Фамилия колоритная, но вымышленная. В жизни тоже стилизация под разудалого шляхтича, хотя это была всего лишь маска. Самый международный из польских коммунистов. Возможно, немного подражал Вилли Мюнценбергу, создавшему в веймарской Германии газетную империю, а после бегства от Гитлера в Париж — центр коммунистической пропаганды. Начиная с 1945 года Борейша, которому помогала худенькая светловолосая барышня, вдова нашего Генрика Дембинского[123] (ее сестра была монахиней), создал из ничего свое книжно-газетное государство. «Чительник» и другие издательства, газеты, журналы — всё зависело от него: должности, прием книг в печать, гонорары. Я был из его стада, все мы были. Он изобрел движение в защиту мира — если не он сам, то, думаю, мысль родилась в его голове. Вроцлавский конгресс 1948 года, на который ему удалось привезти Пикассо, был его детищем и в то же время началом его конца, потому что русские были чем-то недовольны. Сразу после этого — загадочная автокатастрофа. Поскольку я читал о славе и падении Мюнценберга, не могу не сопоставить эти две карьеры. Во время войны в Испании Мюнценберг координировал международную антифашистскую акцию, но навлек на себя гнев Сталина и после вызова в Москву (на верную смерть) не поехал туда. С тех пор он жил в Париже, находясь в постоянной опасности, и его смерть по дороге на юг, когда немцы вступали в Париж (его повесили в лесу), напоминала исполнение приговора. Быть может, у Борейши всё произошло не так драматично, но при его заслугах продолжительное молчание в партийной прессе после его смерти наводит на размышления. Это была выдающаяся личность, заслуживающая того, чтобы о ней писали.

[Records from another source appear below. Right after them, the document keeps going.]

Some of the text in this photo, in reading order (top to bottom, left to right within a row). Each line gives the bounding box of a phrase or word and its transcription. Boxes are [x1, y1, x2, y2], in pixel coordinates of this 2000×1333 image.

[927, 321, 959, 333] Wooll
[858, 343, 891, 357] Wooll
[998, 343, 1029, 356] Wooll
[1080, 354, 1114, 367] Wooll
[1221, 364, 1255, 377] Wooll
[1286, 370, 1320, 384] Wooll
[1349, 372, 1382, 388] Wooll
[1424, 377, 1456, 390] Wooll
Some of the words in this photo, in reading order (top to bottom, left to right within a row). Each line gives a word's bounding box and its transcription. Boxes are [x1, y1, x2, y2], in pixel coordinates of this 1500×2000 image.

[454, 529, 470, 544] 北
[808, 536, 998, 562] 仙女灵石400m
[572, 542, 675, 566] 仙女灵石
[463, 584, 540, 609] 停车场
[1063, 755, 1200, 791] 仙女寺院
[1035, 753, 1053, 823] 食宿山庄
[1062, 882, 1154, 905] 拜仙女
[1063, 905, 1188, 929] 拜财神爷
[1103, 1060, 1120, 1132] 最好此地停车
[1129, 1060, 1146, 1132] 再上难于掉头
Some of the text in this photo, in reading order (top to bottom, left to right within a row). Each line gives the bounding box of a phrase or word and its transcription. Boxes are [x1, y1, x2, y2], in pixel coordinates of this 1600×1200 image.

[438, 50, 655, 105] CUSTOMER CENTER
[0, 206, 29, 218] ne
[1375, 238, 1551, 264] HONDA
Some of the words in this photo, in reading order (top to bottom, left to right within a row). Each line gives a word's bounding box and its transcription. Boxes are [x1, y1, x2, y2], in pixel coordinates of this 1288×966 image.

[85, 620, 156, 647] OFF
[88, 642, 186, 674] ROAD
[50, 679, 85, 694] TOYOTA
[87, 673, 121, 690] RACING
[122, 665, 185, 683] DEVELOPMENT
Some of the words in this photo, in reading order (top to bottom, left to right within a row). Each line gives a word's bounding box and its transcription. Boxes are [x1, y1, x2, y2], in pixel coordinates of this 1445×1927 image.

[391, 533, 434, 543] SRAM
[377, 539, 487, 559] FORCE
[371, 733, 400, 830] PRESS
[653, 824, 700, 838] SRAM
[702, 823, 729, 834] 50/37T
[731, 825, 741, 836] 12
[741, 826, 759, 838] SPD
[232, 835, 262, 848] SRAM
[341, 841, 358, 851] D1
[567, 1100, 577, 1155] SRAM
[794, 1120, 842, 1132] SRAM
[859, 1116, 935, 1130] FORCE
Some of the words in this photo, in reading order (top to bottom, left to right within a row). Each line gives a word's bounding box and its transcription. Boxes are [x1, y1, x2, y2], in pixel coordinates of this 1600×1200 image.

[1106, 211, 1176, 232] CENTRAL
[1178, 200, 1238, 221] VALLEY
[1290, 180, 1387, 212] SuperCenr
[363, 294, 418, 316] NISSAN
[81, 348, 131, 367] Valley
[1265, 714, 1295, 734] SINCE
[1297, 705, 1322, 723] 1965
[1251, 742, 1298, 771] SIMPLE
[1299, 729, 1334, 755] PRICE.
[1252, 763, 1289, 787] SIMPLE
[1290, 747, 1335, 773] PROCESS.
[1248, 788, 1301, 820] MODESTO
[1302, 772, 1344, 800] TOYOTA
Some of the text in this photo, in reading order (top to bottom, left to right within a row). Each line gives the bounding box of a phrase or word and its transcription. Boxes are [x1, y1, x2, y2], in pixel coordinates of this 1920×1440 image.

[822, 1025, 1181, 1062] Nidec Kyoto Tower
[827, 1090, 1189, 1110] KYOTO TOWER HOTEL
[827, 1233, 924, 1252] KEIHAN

Дочь варшавского богача Геппнера, который, имея возможность уехать в 1939 году за границу, сознательно остался из соображений солидарности и погиб в гетто. До войны Анелька училась в Академии художеств. Ее дружба с Янкой, установившаяся еще в те времена, продолжалась и после войны, поэтому дом Боровиков на Манхэттене всегда был нашим гостеприимным пристанищем. У мужа Анельки Люциана была фирма, занимавшаяся импортом-экспортом, кроме того, он с успехом вкладывал деньги в real estate[124]. Эти варшавские буржуа (врачи, адвокаты, купцы), пересаженные на нью-йоркскую почву незадолго до войны или в первые ее месяцы, приспособились очень быстро. Либеральные, толерантные, они как будто продолжали лучшие традиции довоенных «Вядомостей литерацких»[125]. Это были единственные польскоязычные круги, не навешивавшие на меня ярлык предателя за работу в посольстве варшавского правительства. Я испытываю благодарность к этой среде и к Боровикам. Благодаря Анельке я познакомился с доктором Берлштейном, очаровательным книжным червем, который работал в New York Public Library хранителем славянского собрания. Однажды, когда я сидел в этой библиотеке и читал какие-то журналы, он подошел ко мне и тихо спросил, знаю ли я, кто сидит рядом со мной. Это был Керенский, премьер-министр первого российского правительства после свержения царя.
Доктор Берлштейн, Боровики, социолог Александр Герц[126], Юзеф Виттлин[127], Александр Янта-Полчинский — вот мой Нью-Йорк 1946–1950 годов.
Мой ровесник и школьный товарищ из класса «б» (в классе «а» был французский, в «б» — немецкий). До сих пор остается для меня важным человеком благодаря тому, что так сильно отличался от меня и от тех кругов, в которые я был вхож. Он происходил из состоятельной шляхетской семьи, хранил верность родовым традициям и гордился своей благородной кровью, а также консервативными и вызывающе реакционными взглядами. Дружил он с еще одним столь же горячим сторонником элитарного мировоззрения — Янеком Мейштовичем, если я не ошибаюсь, племянником (или младшим единокровным братом?) известного в городе священника Валериана Мейштовича, который сначала был уланом, а затем профессором богословия и ватиканским дипломатом.
Я задаюсь вопросом, почему я, шляхтич, не чувствовал себя хорошо в собственной шкуре — так что решающую роль в моих многочисленных интеллектуальных приключениях мог сыграть попросту стыд за свое происхождение. Откуда эти демократические и социалистические наклонности? Ведь мог же я сказать себе: я — паныч из усадьбы и мои политические взгляды должны этому соответствовать. Тем более что консерватизм (а точнее, патриархализм) виленских «зубров», то есть землевладельцев (кстати, они финансировали газету Станислава Мацкевича[128] «Слово»), — не подразумевал словосочетания «поляк-католик», как у националистов, то есть речь не шла об использовании религии в национальных целях. В классовых — другое дело, в качестве оплота порядка, не без некоторой доли вольтерьянства.